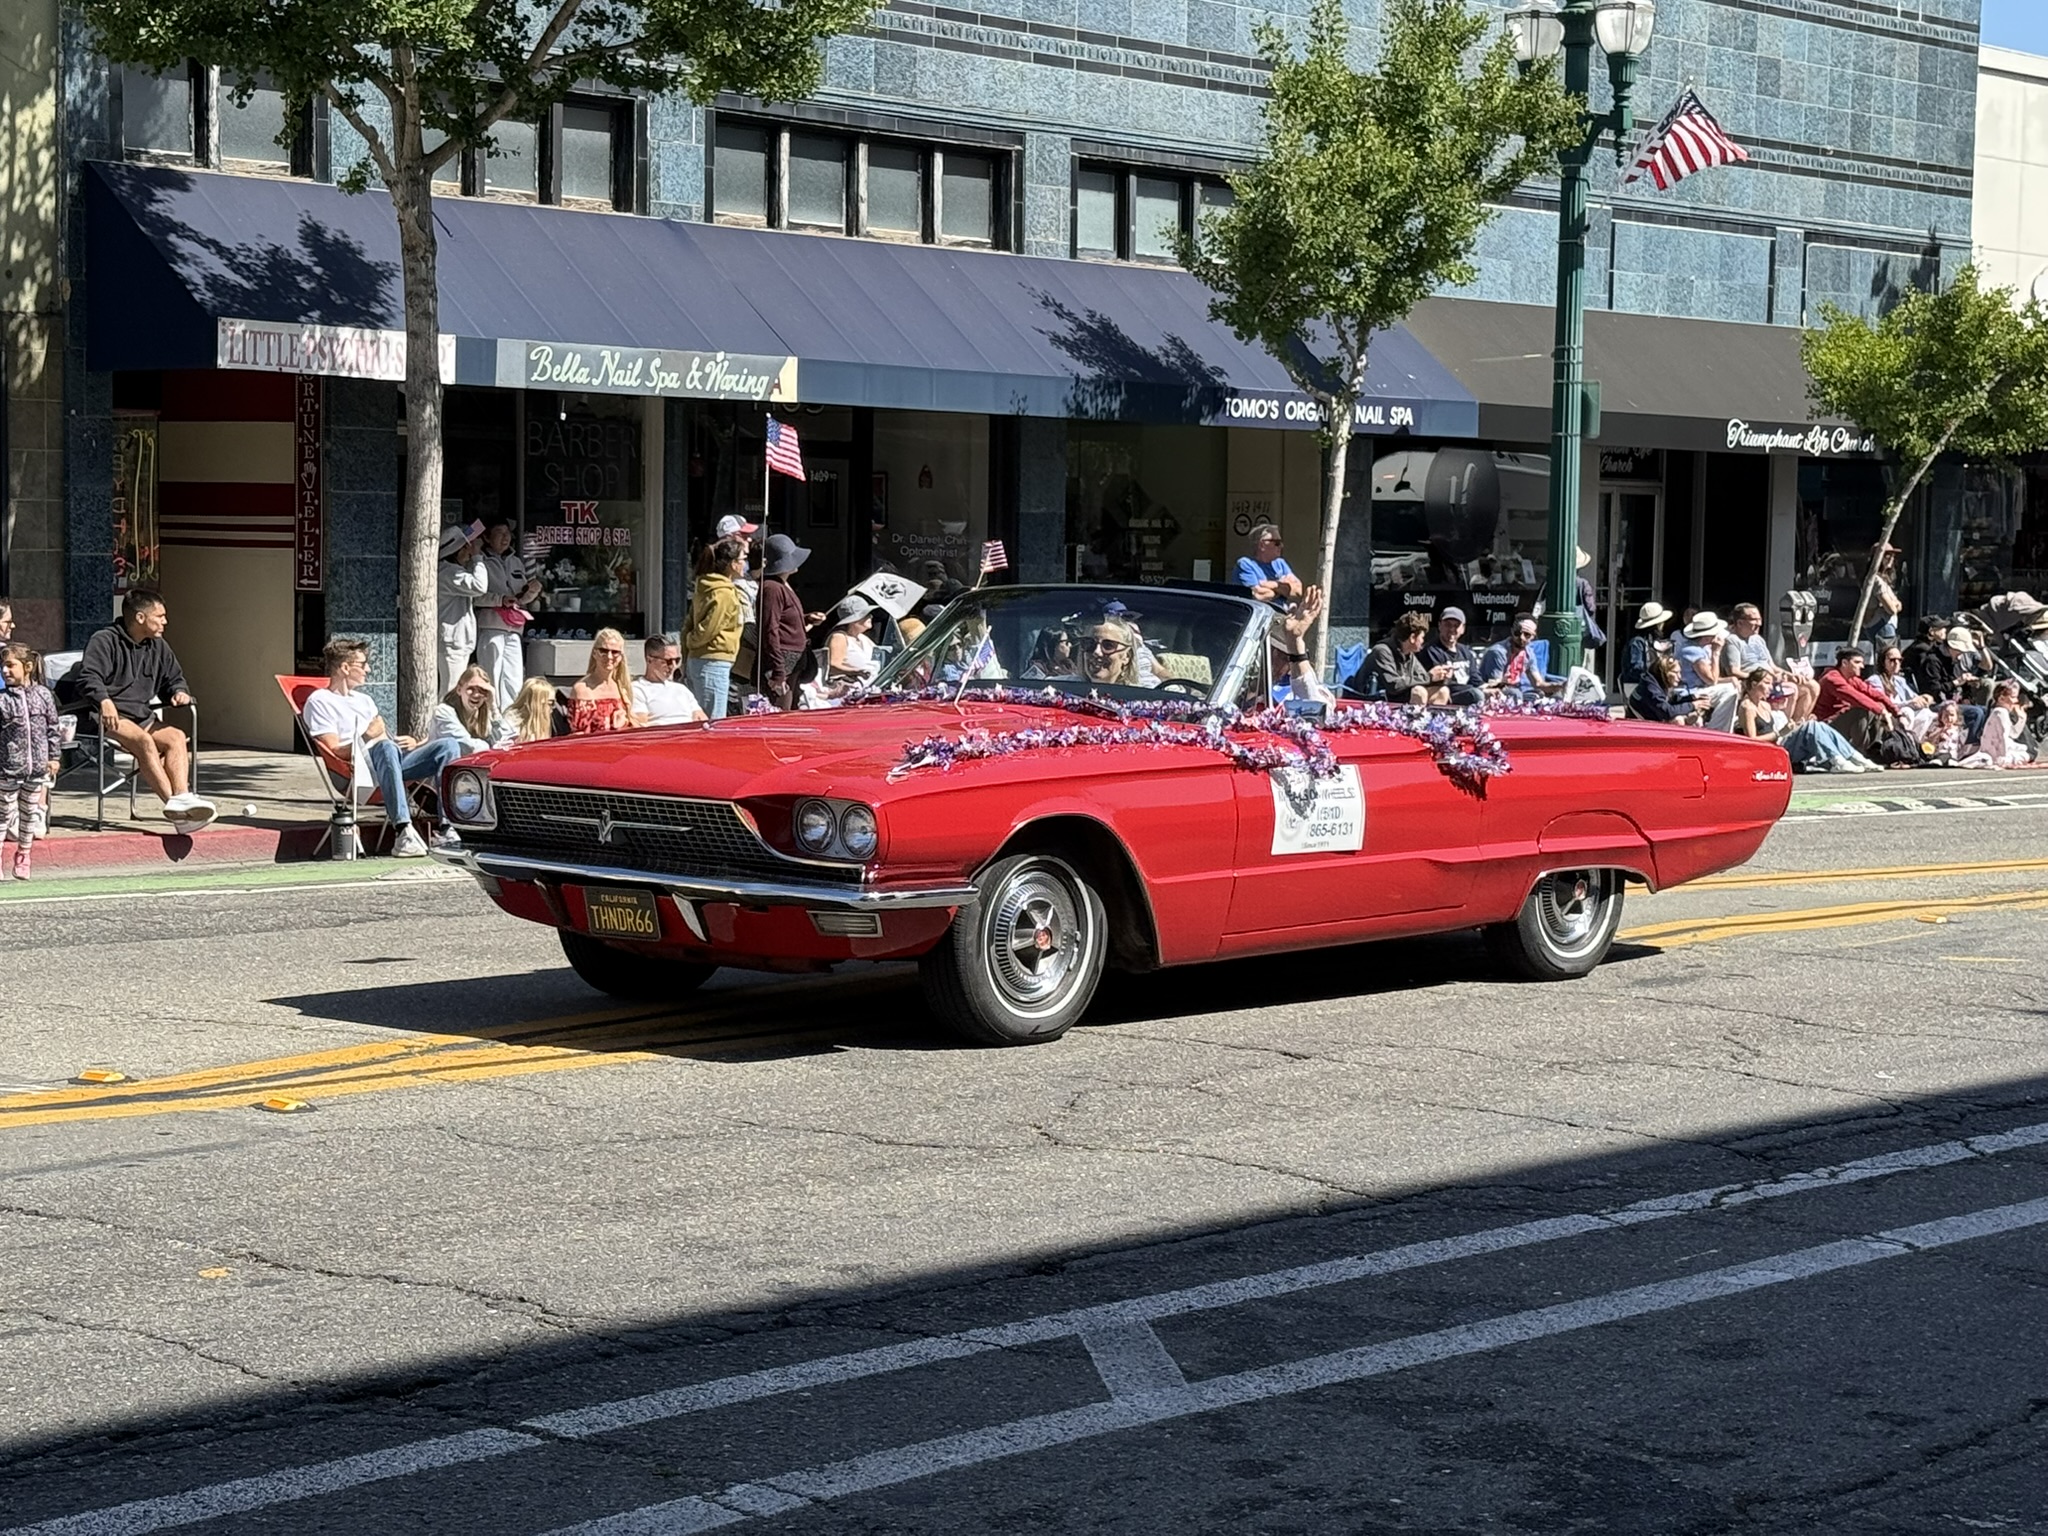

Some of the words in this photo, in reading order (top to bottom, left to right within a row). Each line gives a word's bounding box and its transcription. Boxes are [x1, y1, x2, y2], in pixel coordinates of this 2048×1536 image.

[228, 328, 300, 368] LITTLE
[530, 345, 591, 383] Bella
[592, 350, 643, 388] Nail
[645, 357, 681, 392] Spa
[686, 356, 703, 391] &
[704, 360, 770, 401] Waxing
[302, 375, 317, 459] RTUNE
[1225, 397, 1280, 420] TOMO'S
[1285, 400, 1331, 423] ORGA
[1355, 404, 1385, 426] NAIL
[1389, 405, 1414, 427] SPA
[527, 420, 637, 459] BARBER
[1726, 417, 1804, 454] Triumphant
[1803, 424, 1830, 457] Life
[544, 462, 620, 498] SHOP
[560, 500, 600, 525] TK
[302, 490, 317, 577] TELLER
[536, 525, 575, 545] BARBER
[576, 526, 602, 546] SHOP
[603, 527, 611, 546] &
[612, 527, 631, 547] SPA
[909, 533, 941, 544] Daniel
[900, 545, 958, 558] Optometrist
[1404, 592, 1436, 608] Sunday
[1472, 592, 1520, 607] Wednesday
[1486, 609, 1491, 621] 7
[1492, 610, 1506, 624] pm
[1309, 821, 1354, 838] 865-6131
[590, 905, 654, 933] THNDR66
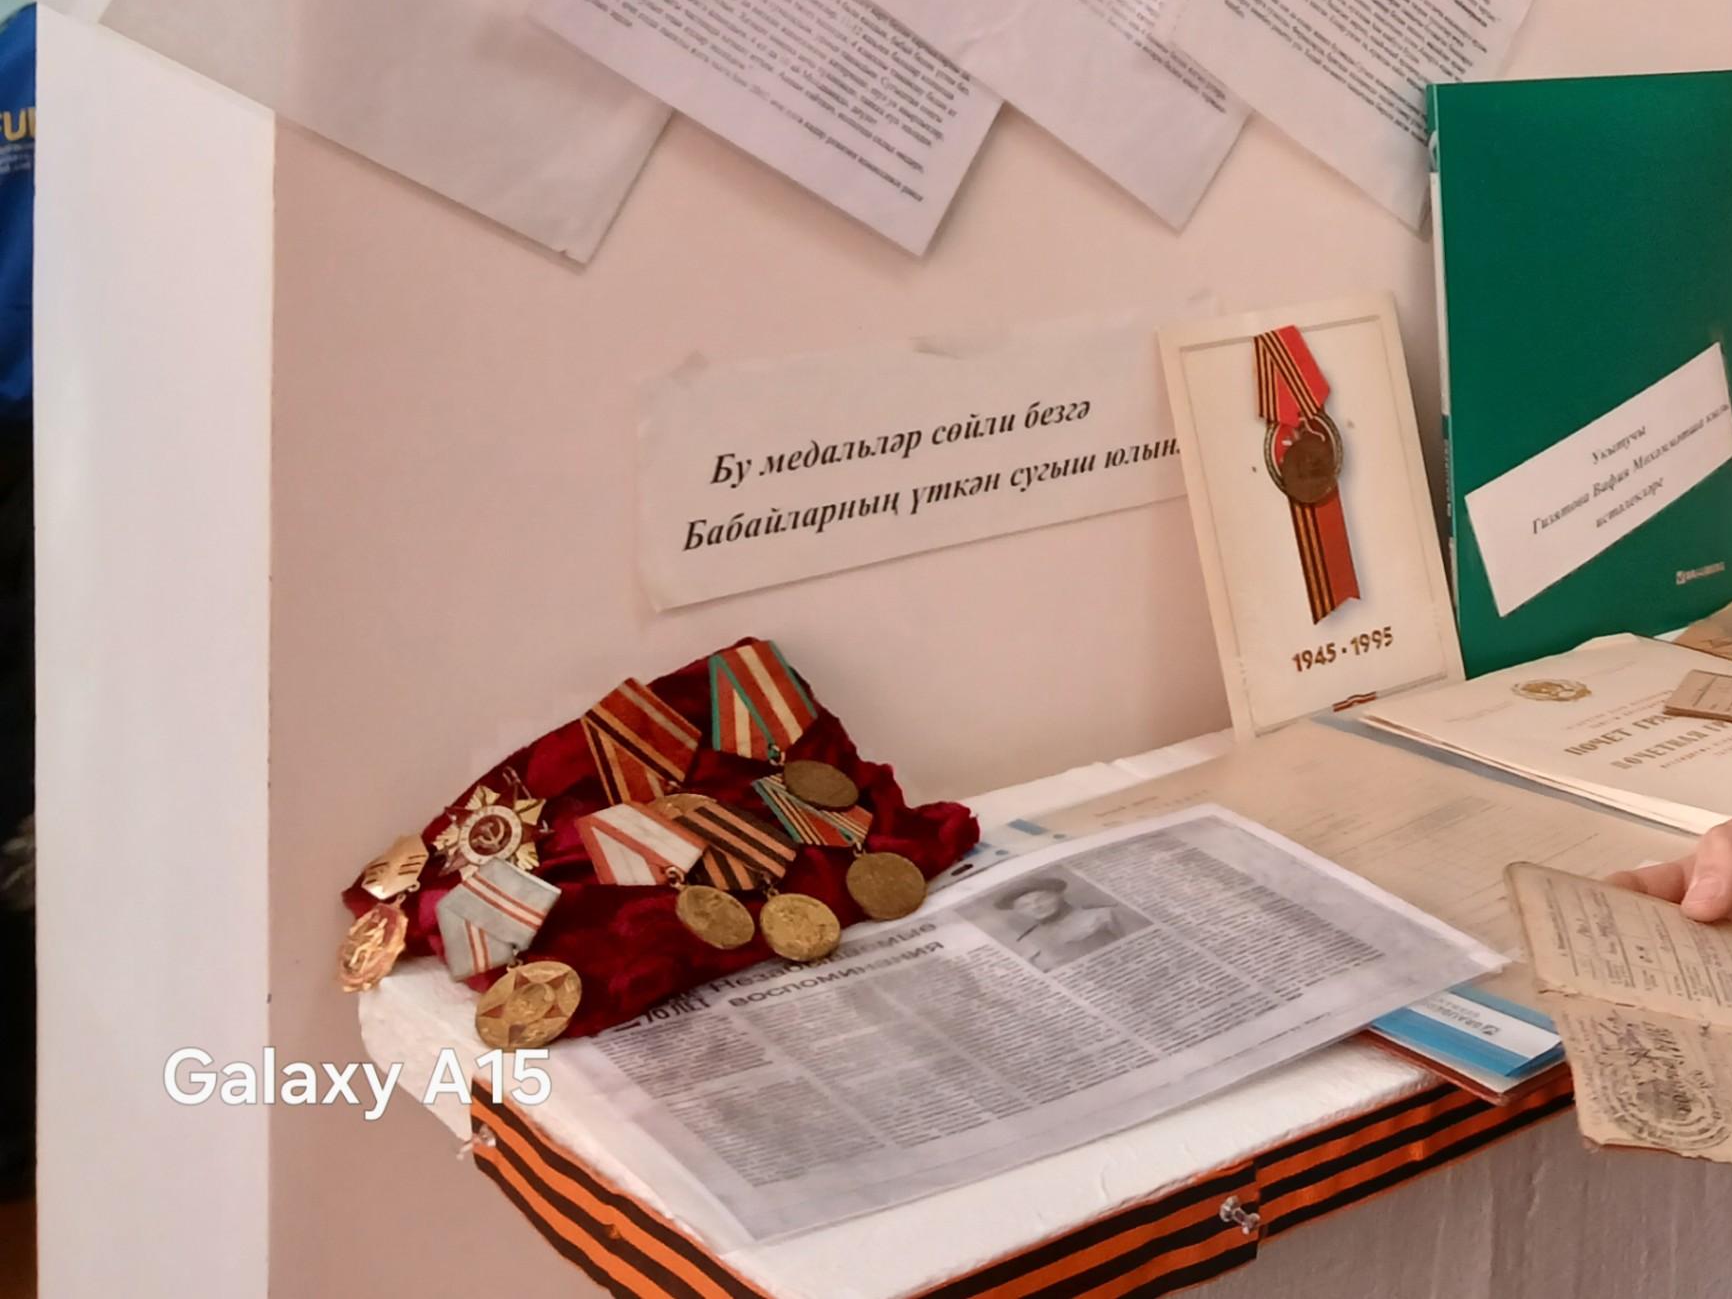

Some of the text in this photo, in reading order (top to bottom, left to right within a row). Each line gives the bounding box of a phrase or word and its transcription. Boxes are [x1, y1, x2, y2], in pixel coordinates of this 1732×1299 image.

*How to complete this task*.
The records above are to be repeated word for word, with the pictures omitted.

*Exercise output*.
Some of the words in this photo, in reading order (top to bottom, left to right within a row). Each line gives a word's bounding box and its transcription. Boxes are [x1, y1, x2, y2], in pixel coordinates of this 2048×1536 image.

[228, 328, 300, 368] LITTLE
[530, 345, 591, 383] Bella
[592, 350, 643, 388] Nail
[645, 357, 681, 392] Spa
[686, 356, 703, 391] &
[704, 360, 770, 401] Waxing
[302, 375, 317, 459] RTUNE
[1225, 397, 1280, 420] TOMO'S
[1285, 400, 1331, 423] ORGA
[1355, 404, 1385, 426] NAIL
[1389, 405, 1414, 427] SPA
[527, 420, 637, 459] BARBER
[1726, 417, 1804, 454] Triumphant
[1803, 424, 1830, 457] Life
[544, 462, 620, 498] SHOP
[560, 500, 600, 525] TK
[302, 490, 317, 577] TELLER
[536, 525, 575, 545] BARBER
[576, 526, 602, 546] SHOP
[603, 527, 611, 546] &
[612, 527, 631, 547] SPA
[909, 533, 941, 544] Daniel
[900, 545, 958, 558] Optometrist
[1404, 592, 1436, 608] Sunday
[1472, 592, 1520, 607] Wednesday
[1486, 609, 1491, 621] 7
[1492, 610, 1506, 624] pm
[1309, 821, 1354, 838] 865-6131
[590, 905, 654, 933] THNDR66

Some of the text in this photo, in reading order (top to bottom, left to right within a row). Each line gives the bounding box of a phrase or word and its transcription. Boxes are [x1, y1, x2, y2], in pixel coordinates of this 1732×1299 image.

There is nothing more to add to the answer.